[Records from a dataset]
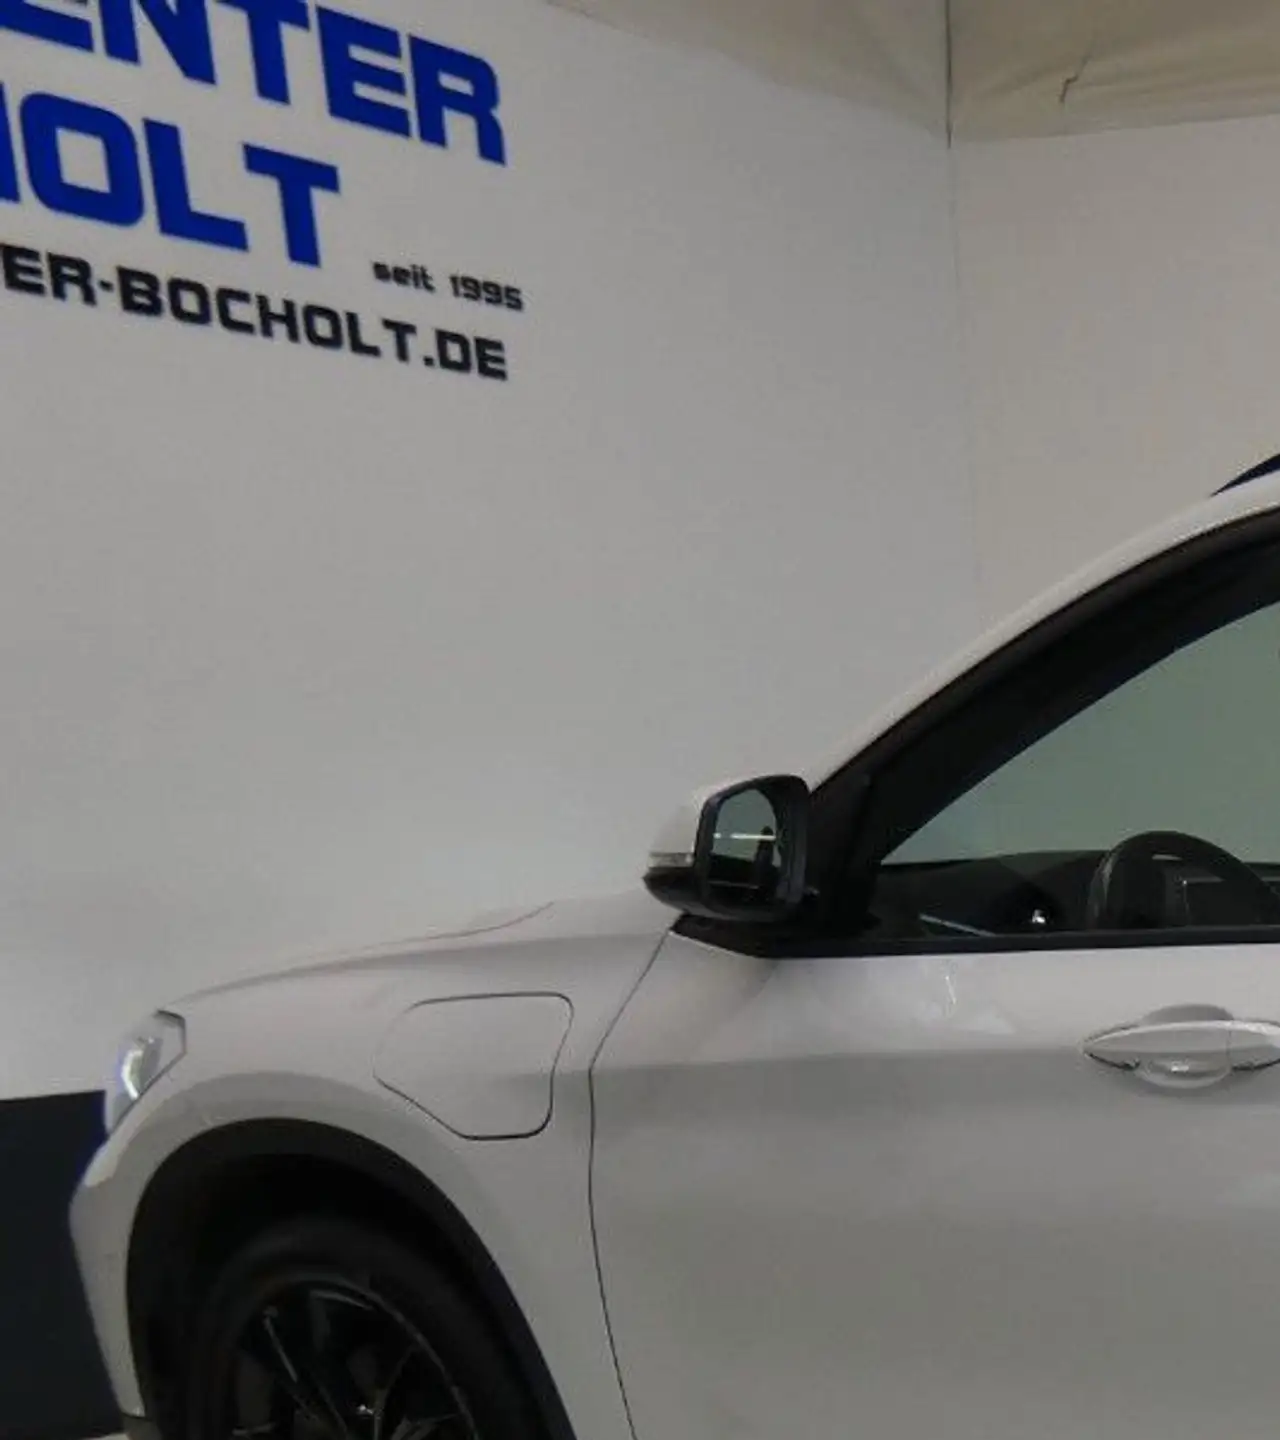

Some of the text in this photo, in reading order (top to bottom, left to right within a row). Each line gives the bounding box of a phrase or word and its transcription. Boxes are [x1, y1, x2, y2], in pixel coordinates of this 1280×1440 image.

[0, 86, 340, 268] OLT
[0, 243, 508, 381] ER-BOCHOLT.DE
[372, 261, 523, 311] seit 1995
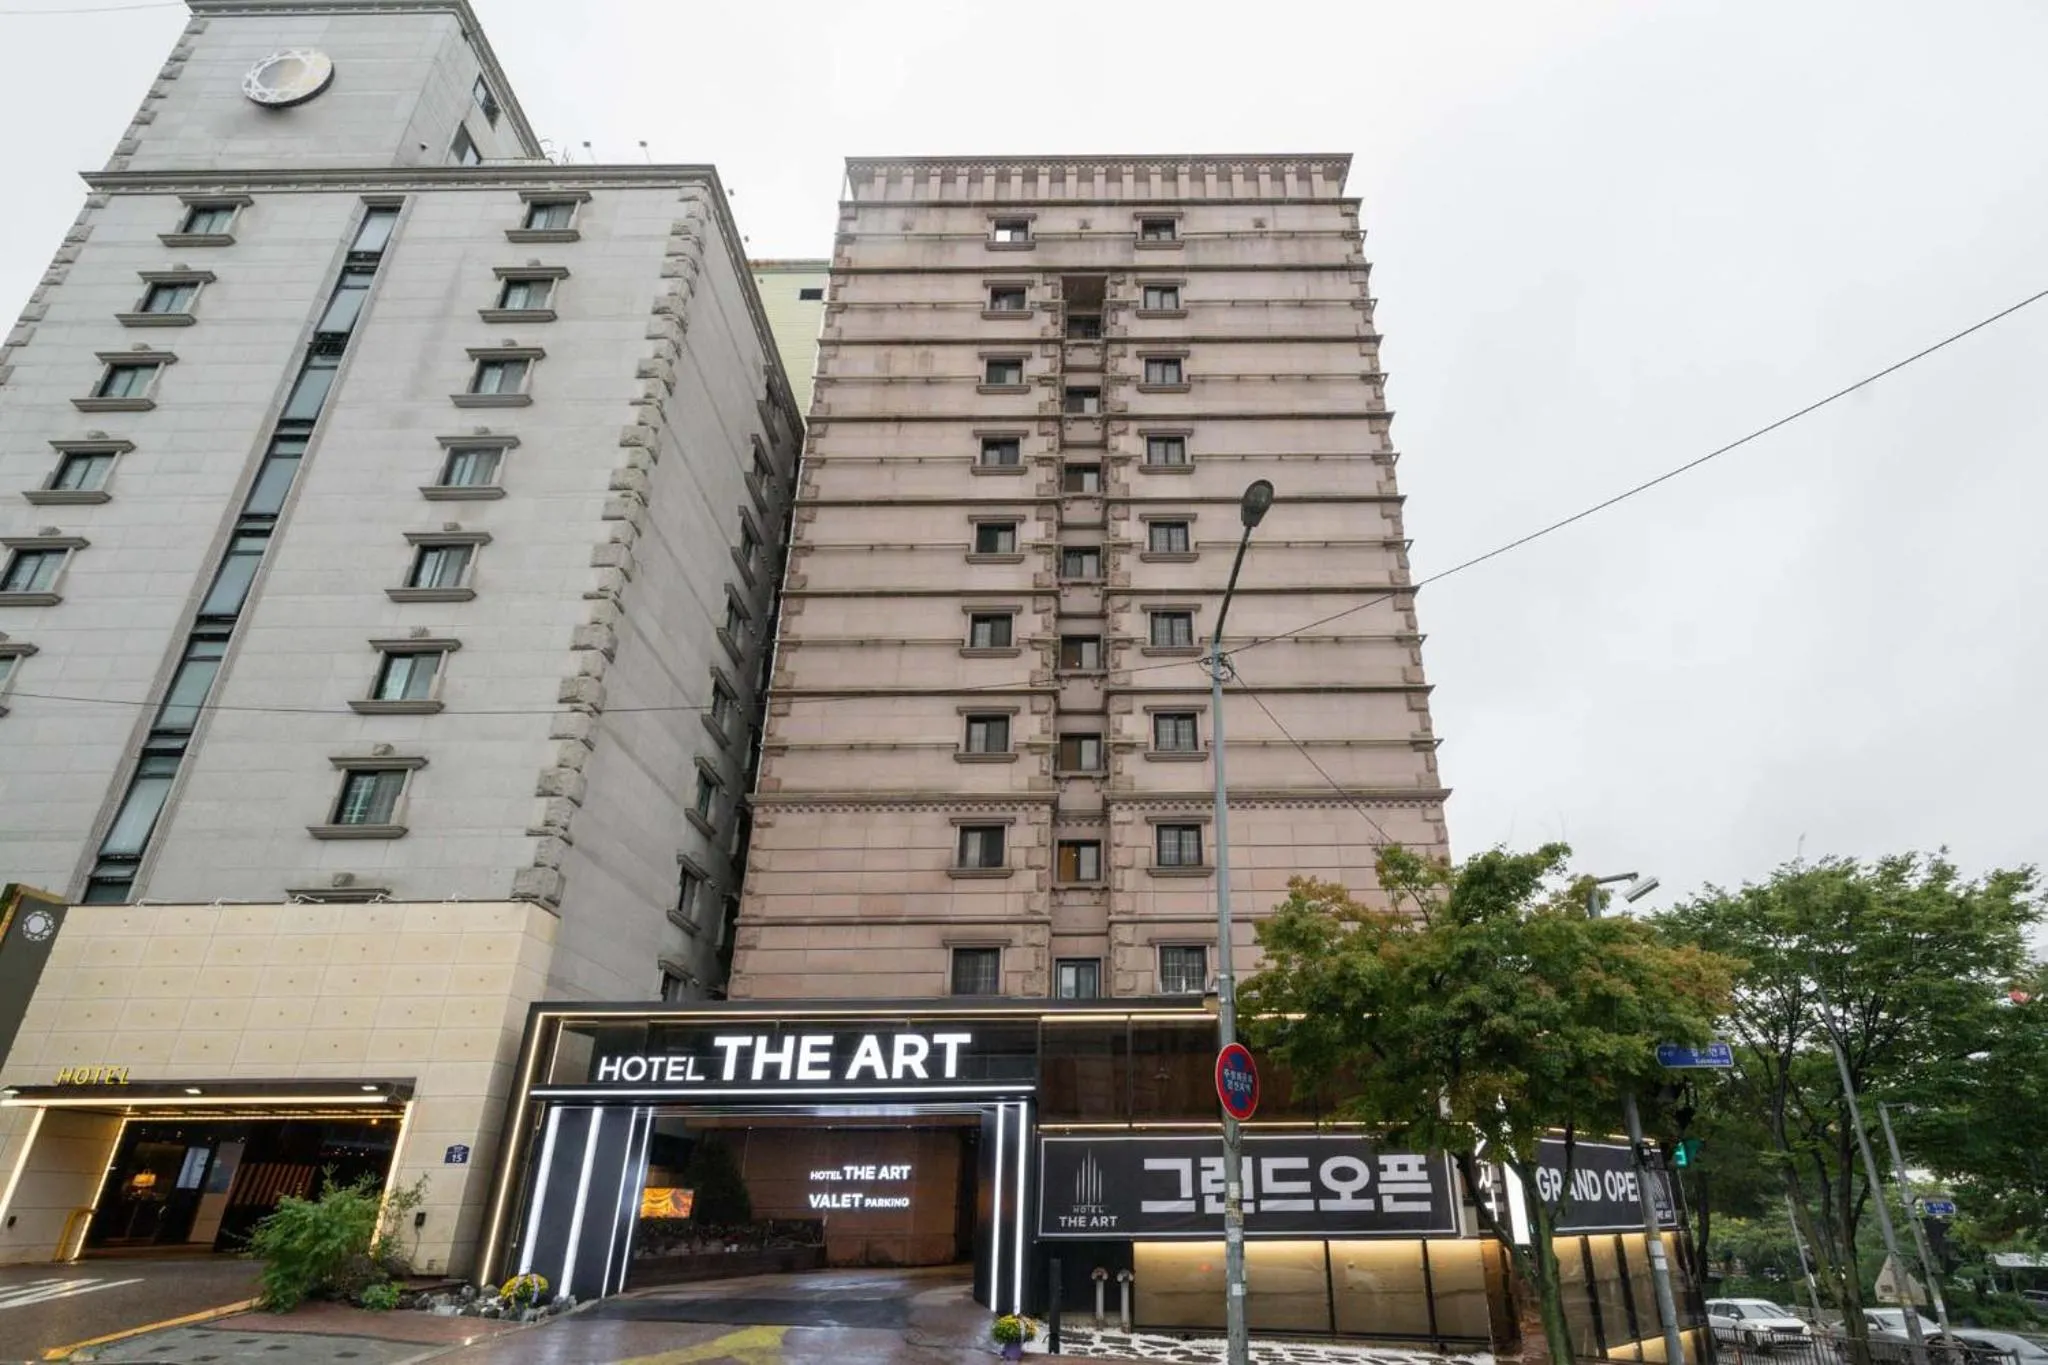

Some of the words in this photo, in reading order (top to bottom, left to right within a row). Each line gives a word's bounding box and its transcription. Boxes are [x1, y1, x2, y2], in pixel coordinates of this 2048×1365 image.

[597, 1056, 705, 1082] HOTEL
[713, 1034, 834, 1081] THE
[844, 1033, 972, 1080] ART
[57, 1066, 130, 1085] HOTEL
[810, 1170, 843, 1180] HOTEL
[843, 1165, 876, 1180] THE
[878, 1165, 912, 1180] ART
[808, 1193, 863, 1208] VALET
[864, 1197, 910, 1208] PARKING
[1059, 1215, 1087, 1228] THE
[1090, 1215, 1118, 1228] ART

> _EXERCISE DIRECTIONS_:
The expected output is every record above, copied exactly, without pictures.

> _RESULT FOR THIS TASK_:
Some of the text in this photo, in reading order (top to bottom, left to right within a row). Each line gives the bounding box of a phrase or word and its transcription. Boxes are [x1, y1, x2, y2], in pixel coordinates of this 1280×1440 image.

[0, 86, 340, 268] OLT
[0, 243, 508, 381] ER-BOCHOLT.DE
[372, 261, 523, 311] seit 1995

Some of the words in this photo, in reading order (top to bottom, left to right within a row). Each line gives a word's bounding box and its transcription. Boxes are [x1, y1, x2, y2], in pixel coordinates of this 2048×1365 image.

[597, 1056, 705, 1082] HOTEL
[713, 1034, 834, 1081] THE
[844, 1033, 972, 1080] ART
[57, 1066, 130, 1085] HOTEL
[810, 1170, 843, 1180] HOTEL
[843, 1165, 876, 1180] THE
[878, 1165, 912, 1180] ART
[808, 1193, 863, 1208] VALET
[864, 1197, 910, 1208] PARKING
[1059, 1215, 1087, 1228] THE
[1090, 1215, 1118, 1228] ART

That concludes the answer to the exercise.